> [Exercise brief] No pictures belong in the copy, but every line of the material below must be reproduced exactly.

> [Exercise input]
BEGIN

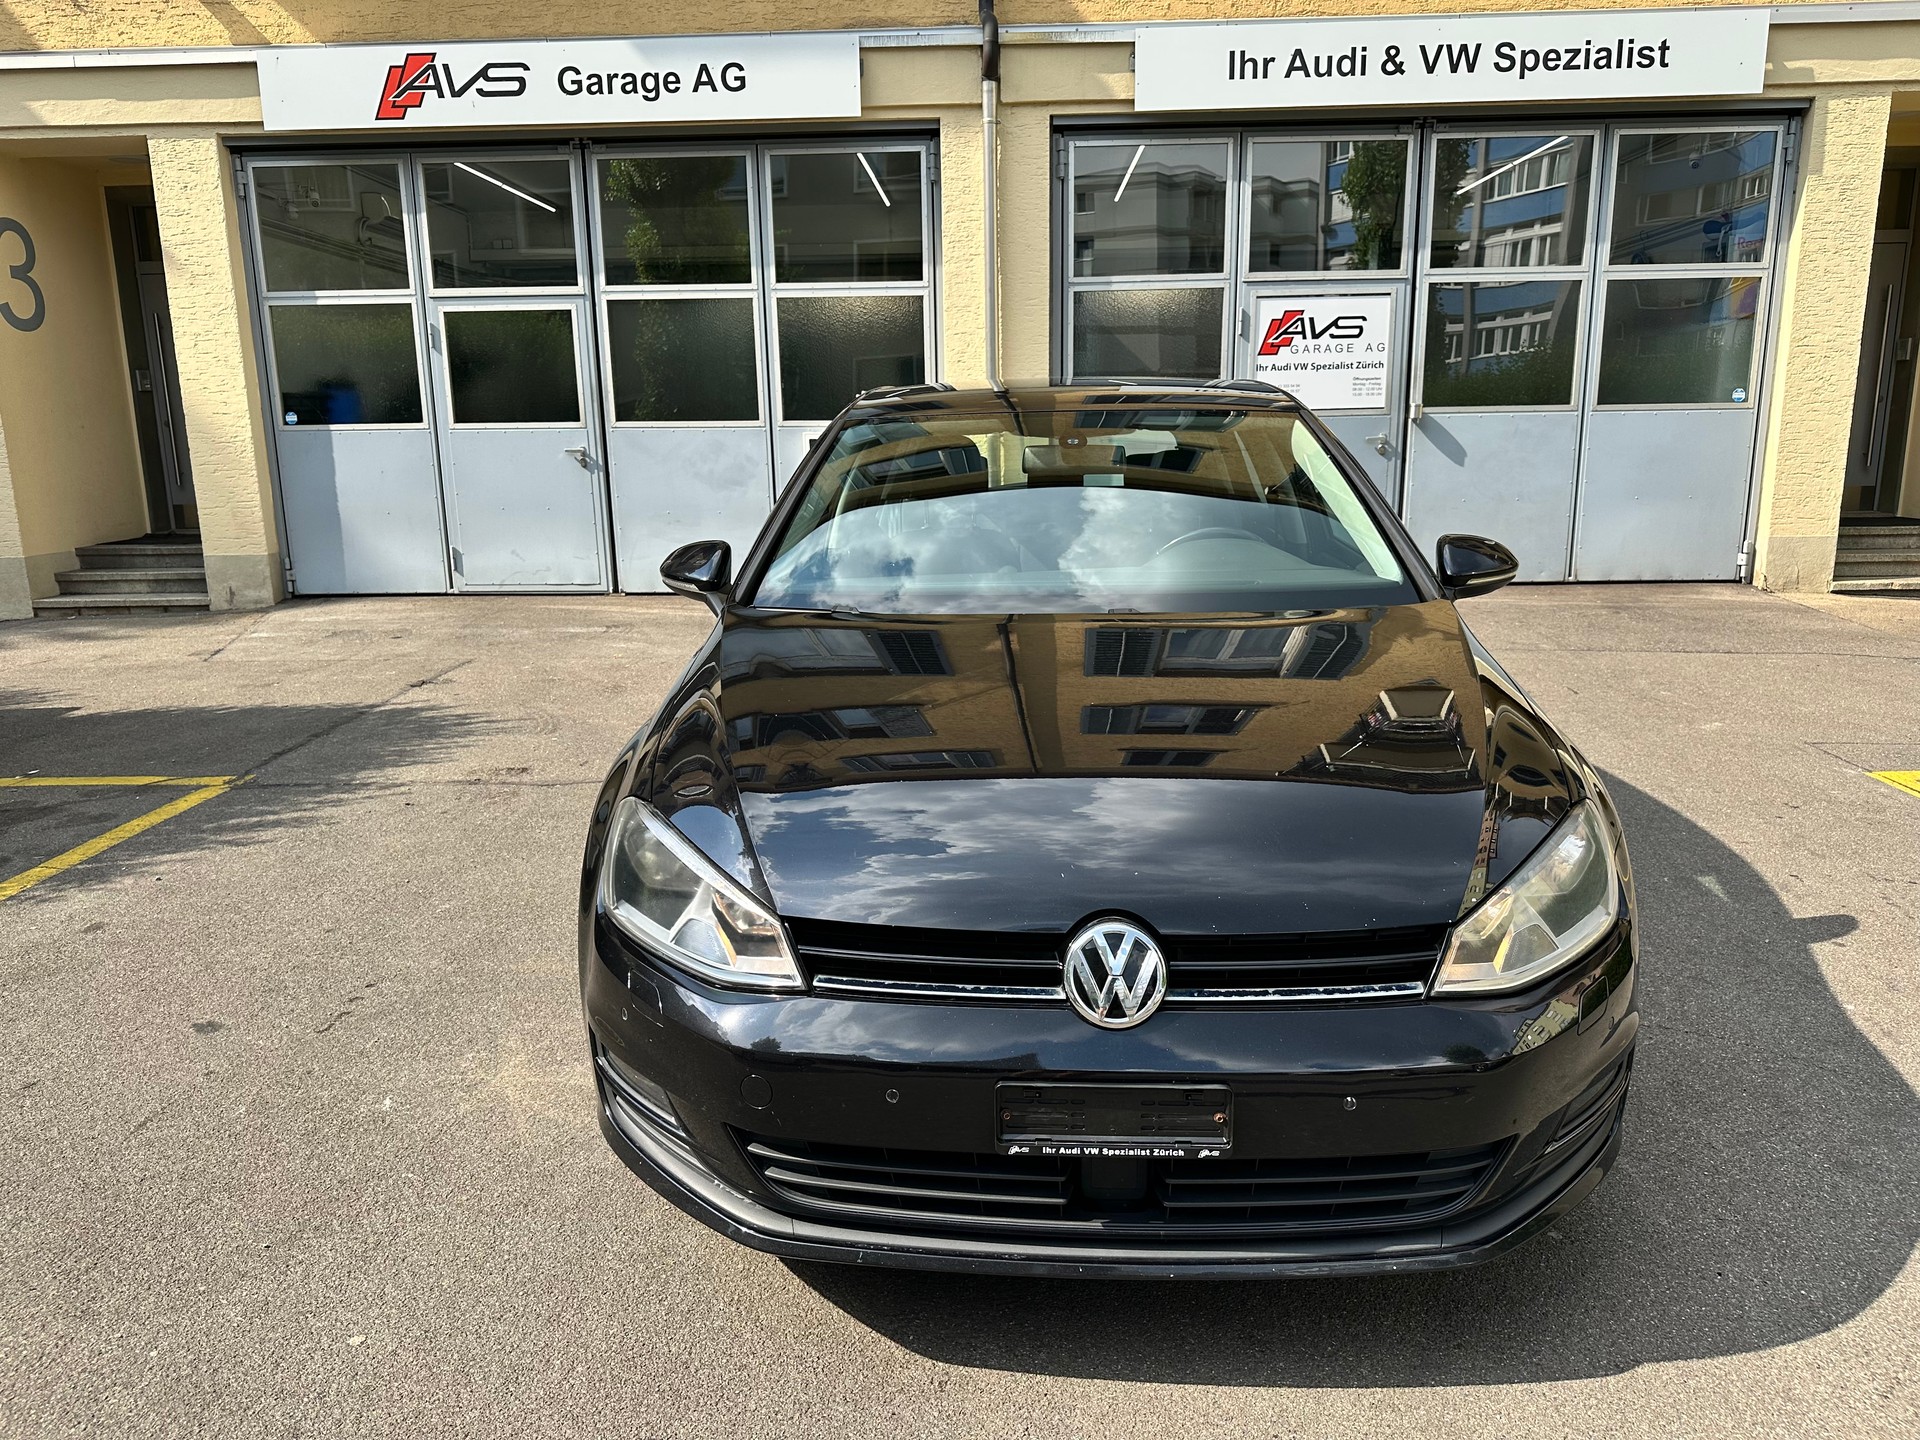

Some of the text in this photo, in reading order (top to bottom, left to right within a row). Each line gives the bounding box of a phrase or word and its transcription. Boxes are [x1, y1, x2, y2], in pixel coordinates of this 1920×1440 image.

[1227, 38, 1670, 80] Ihr Audi & VW Spezialist
[392, 61, 746, 101] AVS Garage AG
[1271, 315, 1368, 340] AVS
[1290, 342, 1386, 354] GARAGE AG
[1256, 360, 1384, 373] Ihr Audi VW Spezialist Zürich
[1066, 920, 1165, 1026] VW
[1042, 1146, 1056, 1154] Ihr
[1102, 1148, 1150, 1156] Spezialist
[1152, 1148, 1185, 1157] Zürich
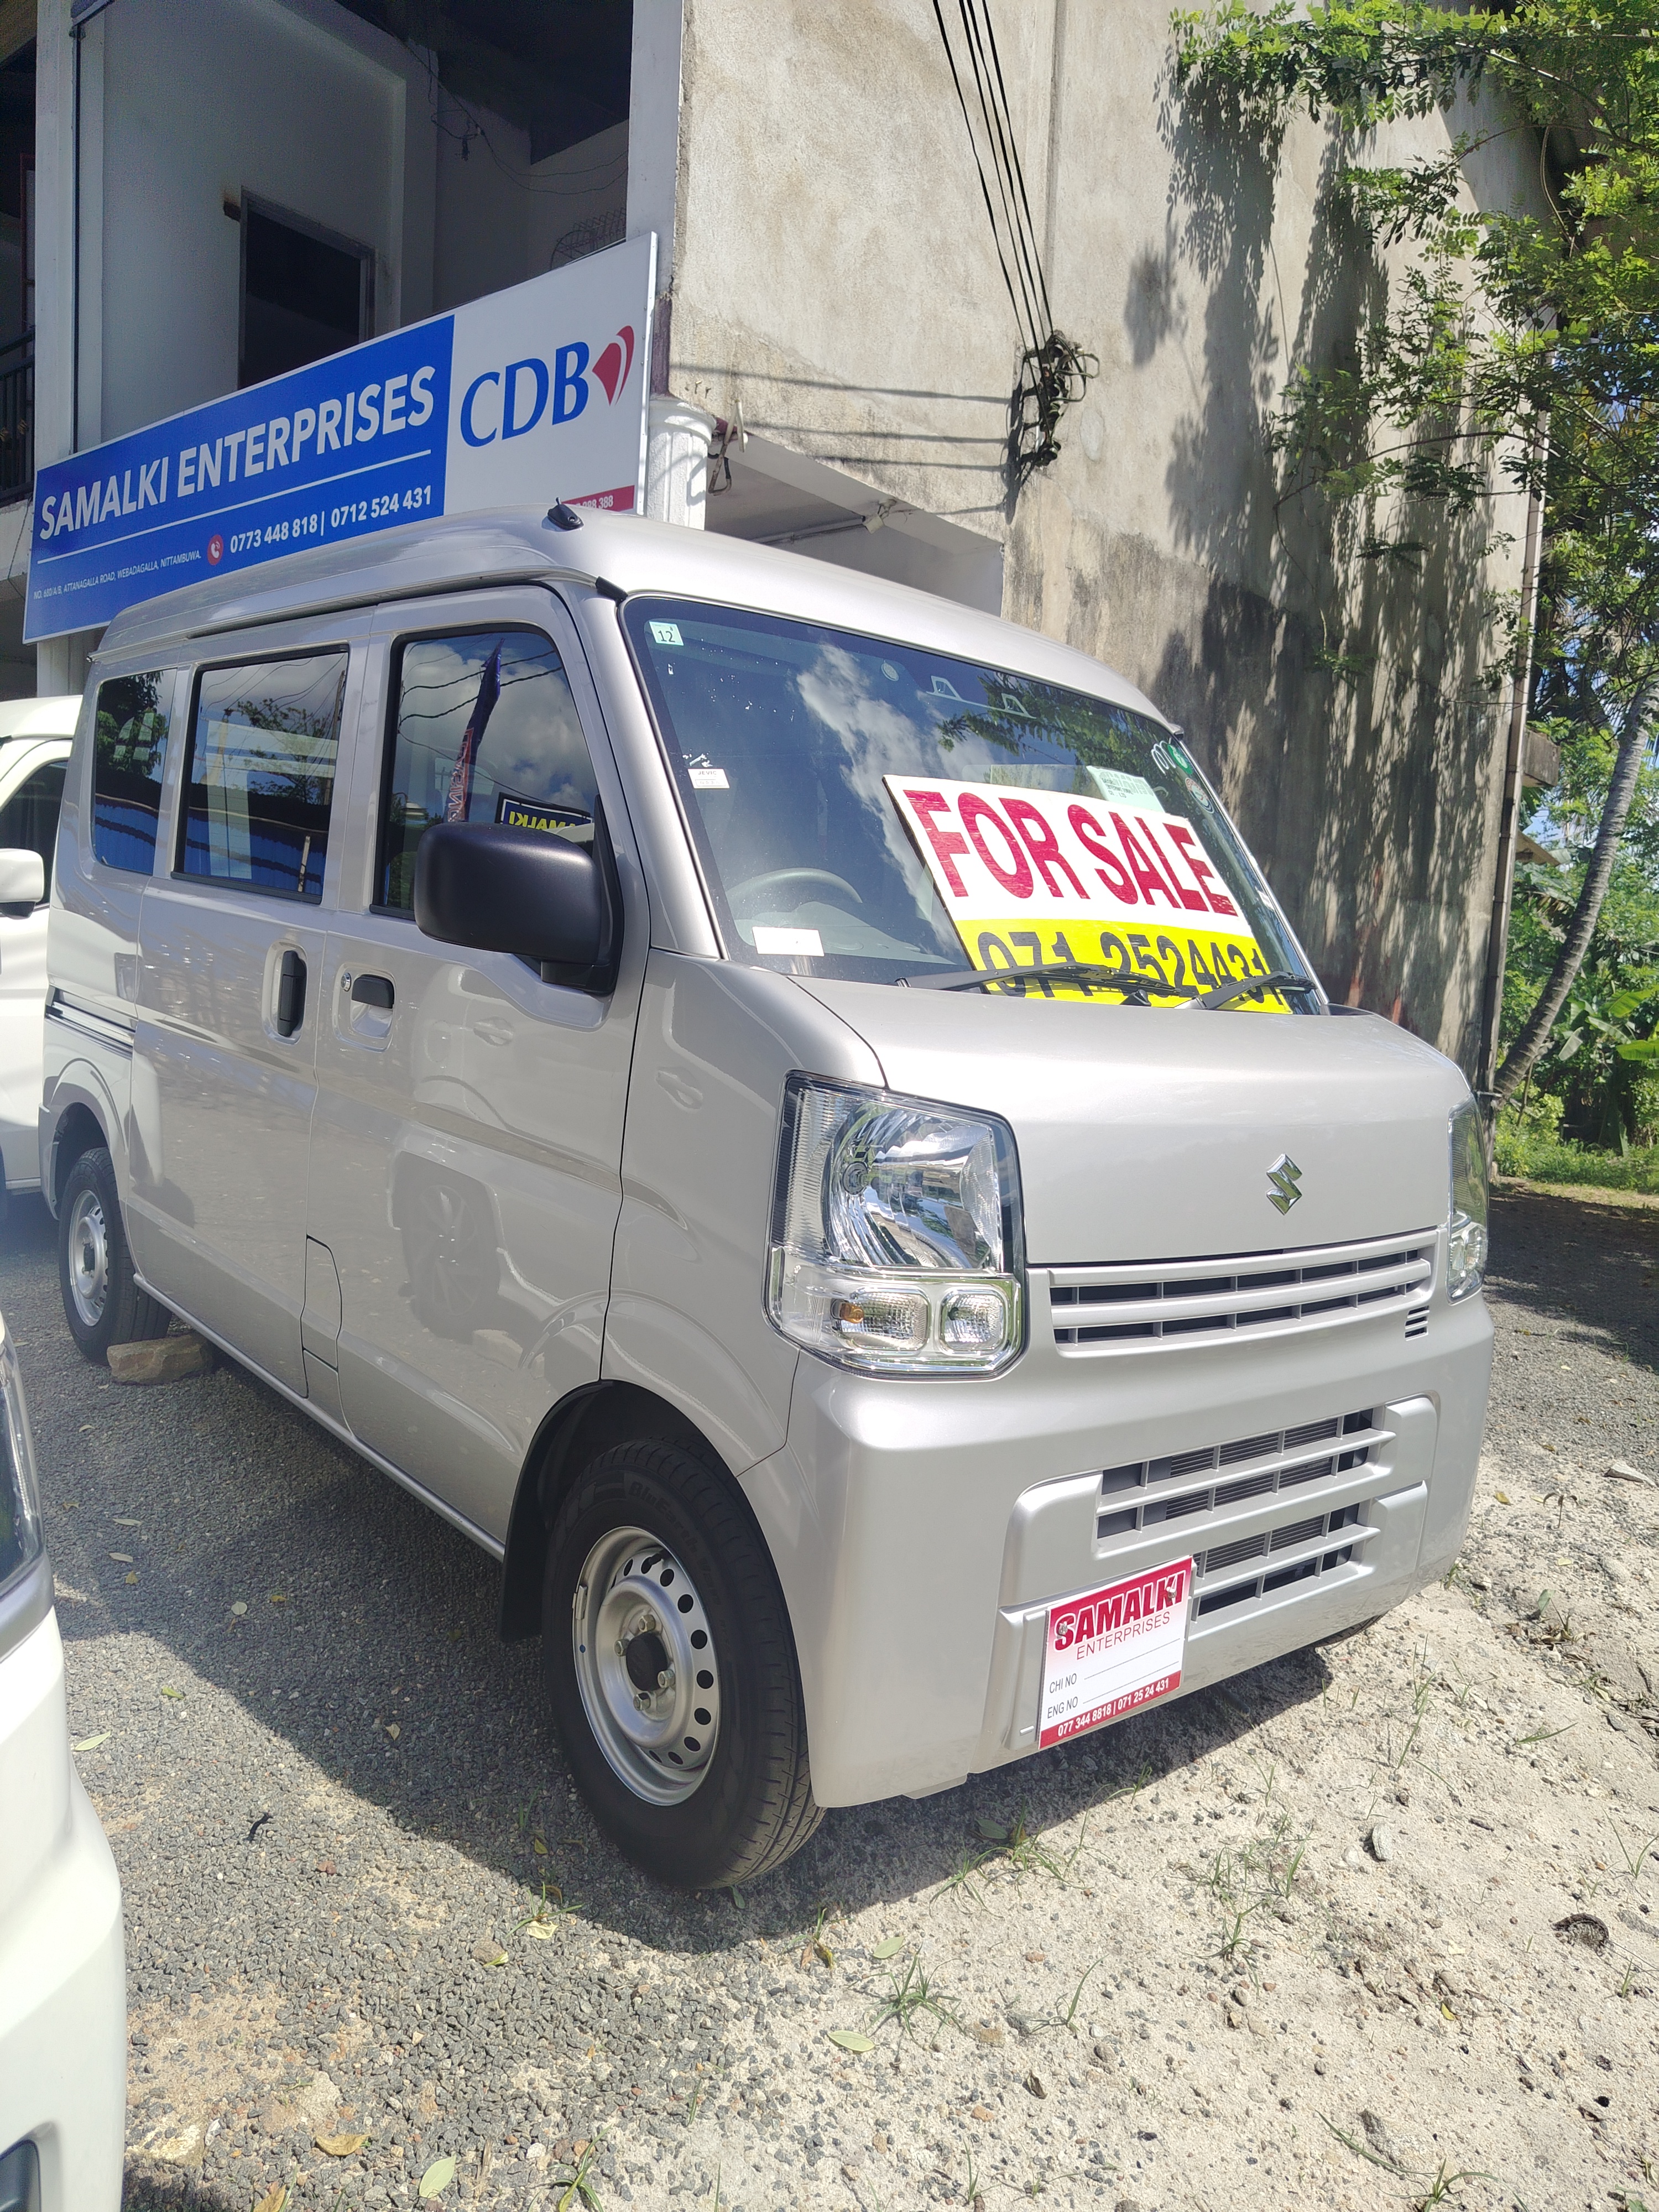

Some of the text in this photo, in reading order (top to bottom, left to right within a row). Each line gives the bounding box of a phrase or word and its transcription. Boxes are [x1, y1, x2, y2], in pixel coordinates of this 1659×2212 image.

[460, 341, 589, 447] CDB
[40, 365, 436, 540] SAMALKI ENTERPRISES
[230, 529, 262, 553] 0773
[264, 521, 289, 544] 448
[292, 514, 317, 538] 818
[331, 502, 367, 528] 0712
[371, 493, 399, 518] 524
[403, 485, 431, 509] 431
[599, 495, 613, 509] 388
[64, 578, 99, 592] ATTANAGALLA
[658, 630, 676, 643] 12
[903, 790, 1239, 917] FOR SALE
[977, 932, 1094, 998] 071
[1055, 1571, 1185, 1651] SAMALKI
[1076, 1611, 1170, 1660] ENTERPRISES
[1047, 1696, 1078, 1719] ENG NO
[1050, 1673, 1077, 1693] CHI NO
[1057, 1721, 1073, 1736] 077
[1075, 1713, 1091, 1729] 344
[1092, 1703, 1112, 1721] 8818
[1118, 1694, 1132, 1710] 071
[1133, 1689, 1144, 1703] 25
[1144, 1684, 1154, 1698] 24
[1155, 1677, 1169, 1693] 431

END

> [Exercise response]
Some of the text in this photo, in reading order (top to bottom, left to right within a row). Each line gives the bounding box of a phrase or word and its transcription. Boxes are [x1, y1, x2, y2], in pixel coordinates of this 1920×1440 image.

[1227, 38, 1670, 80] Ihr Audi & VW Spezialist
[392, 61, 746, 101] AVS Garage AG
[1271, 315, 1368, 340] AVS
[1290, 342, 1386, 354] GARAGE AG
[1256, 360, 1384, 373] Ihr Audi VW Spezialist Zürich
[1066, 920, 1165, 1026] VW
[1042, 1146, 1056, 1154] Ihr
[1102, 1148, 1150, 1156] Spezialist
[1152, 1148, 1185, 1157] Zürich

Some of the text in this photo, in reading order (top to bottom, left to right within a row). Each line gives the bounding box of a phrase or word and its transcription. Boxes are [x1, y1, x2, y2], in pixel coordinates of this 1659×2212 image.

[460, 341, 589, 447] CDB
[40, 365, 436, 540] SAMALKI ENTERPRISES
[230, 529, 262, 553] 0773
[264, 521, 289, 544] 448
[292, 514, 317, 538] 818
[331, 502, 367, 528] 0712
[371, 493, 399, 518] 524
[403, 485, 431, 509] 431
[599, 495, 613, 509] 388
[64, 578, 99, 592] ATTANAGALLA
[658, 630, 676, 643] 12
[903, 790, 1239, 917] FOR SALE
[977, 932, 1094, 998] 071
[1055, 1571, 1185, 1651] SAMALKI
[1076, 1611, 1170, 1660] ENTERPRISES
[1047, 1696, 1078, 1719] ENG NO
[1050, 1673, 1077, 1693] CHI NO
[1057, 1721, 1073, 1736] 077
[1075, 1713, 1091, 1729] 344
[1092, 1703, 1112, 1721] 8818
[1118, 1694, 1132, 1710] 071
[1133, 1689, 1144, 1703] 25
[1144, 1684, 1154, 1698] 24
[1155, 1677, 1169, 1693] 431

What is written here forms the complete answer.